** Saved entries **
========
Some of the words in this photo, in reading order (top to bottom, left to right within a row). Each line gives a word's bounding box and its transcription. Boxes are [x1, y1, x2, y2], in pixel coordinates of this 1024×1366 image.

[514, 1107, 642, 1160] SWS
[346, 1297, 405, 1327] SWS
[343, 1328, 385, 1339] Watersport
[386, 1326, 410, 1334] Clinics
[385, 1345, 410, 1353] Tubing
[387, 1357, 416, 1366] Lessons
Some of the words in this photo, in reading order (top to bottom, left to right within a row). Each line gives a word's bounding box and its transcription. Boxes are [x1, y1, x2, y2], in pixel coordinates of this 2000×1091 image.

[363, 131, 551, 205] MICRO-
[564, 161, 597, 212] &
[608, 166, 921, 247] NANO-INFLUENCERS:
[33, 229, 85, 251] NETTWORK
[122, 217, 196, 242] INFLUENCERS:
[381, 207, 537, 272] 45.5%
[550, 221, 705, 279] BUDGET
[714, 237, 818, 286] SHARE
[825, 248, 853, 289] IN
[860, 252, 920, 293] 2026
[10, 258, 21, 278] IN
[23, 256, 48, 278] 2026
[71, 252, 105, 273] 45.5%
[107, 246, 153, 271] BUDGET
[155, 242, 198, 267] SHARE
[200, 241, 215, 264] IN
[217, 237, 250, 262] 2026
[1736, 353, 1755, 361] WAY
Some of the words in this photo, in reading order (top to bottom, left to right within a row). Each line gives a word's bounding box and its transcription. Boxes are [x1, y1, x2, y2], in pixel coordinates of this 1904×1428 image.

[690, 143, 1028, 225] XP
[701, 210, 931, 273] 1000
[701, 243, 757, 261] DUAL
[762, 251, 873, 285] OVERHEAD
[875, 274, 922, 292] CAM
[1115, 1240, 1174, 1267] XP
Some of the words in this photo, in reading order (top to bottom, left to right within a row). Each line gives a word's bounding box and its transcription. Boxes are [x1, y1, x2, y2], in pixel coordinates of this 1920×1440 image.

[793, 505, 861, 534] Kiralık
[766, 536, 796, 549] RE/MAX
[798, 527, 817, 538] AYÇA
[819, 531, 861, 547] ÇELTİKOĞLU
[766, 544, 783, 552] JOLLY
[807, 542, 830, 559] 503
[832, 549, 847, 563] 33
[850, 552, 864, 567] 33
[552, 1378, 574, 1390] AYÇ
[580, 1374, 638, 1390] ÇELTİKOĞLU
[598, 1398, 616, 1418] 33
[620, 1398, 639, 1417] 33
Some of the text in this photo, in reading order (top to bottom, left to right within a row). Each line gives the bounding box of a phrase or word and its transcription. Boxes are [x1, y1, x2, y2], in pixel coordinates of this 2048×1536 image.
========
** Problem statement **
From the line containing "this 1904×1428 image." down to the last line of the records, transcribe every line exactly and add nothing else.

** Exercise answer **
Some of the words in this photo, in reading order (top to bottom, left to right within a row). Each line gives a word's bounding box and its transcription. Boxes are [x1, y1, x2, y2], in pixel coordinates of this 1904×1428 image.

[690, 143, 1028, 225] XP
[701, 210, 931, 273] 1000
[701, 243, 757, 261] DUAL
[762, 251, 873, 285] OVERHEAD
[875, 274, 922, 292] CAM
[1115, 1240, 1174, 1267] XP
Some of the words in this photo, in reading order (top to bottom, left to right within a row). Each line gives a word's bounding box and its transcription. Boxes are [x1, y1, x2, y2], in pixel coordinates of this 1920×1440 image.

[793, 505, 861, 534] Kiralık
[766, 536, 796, 549] RE/MAX
[798, 527, 817, 538] AYÇA
[819, 531, 861, 547] ÇELTİKOĞLU
[766, 544, 783, 552] JOLLY
[807, 542, 830, 559] 503
[832, 549, 847, 563] 33
[850, 552, 864, 567] 33
[552, 1378, 574, 1390] AYÇ
[580, 1374, 638, 1390] ÇELTİKOĞLU
[598, 1398, 616, 1418] 33
[620, 1398, 639, 1417] 33
Some of the text in this photo, in reading order (top to bottom, left to right within a row). Each line gives the bounding box of a phrase or word and its transcription. Boxes are [x1, y1, x2, y2], in pixel coordinates of this 2048×1536 image.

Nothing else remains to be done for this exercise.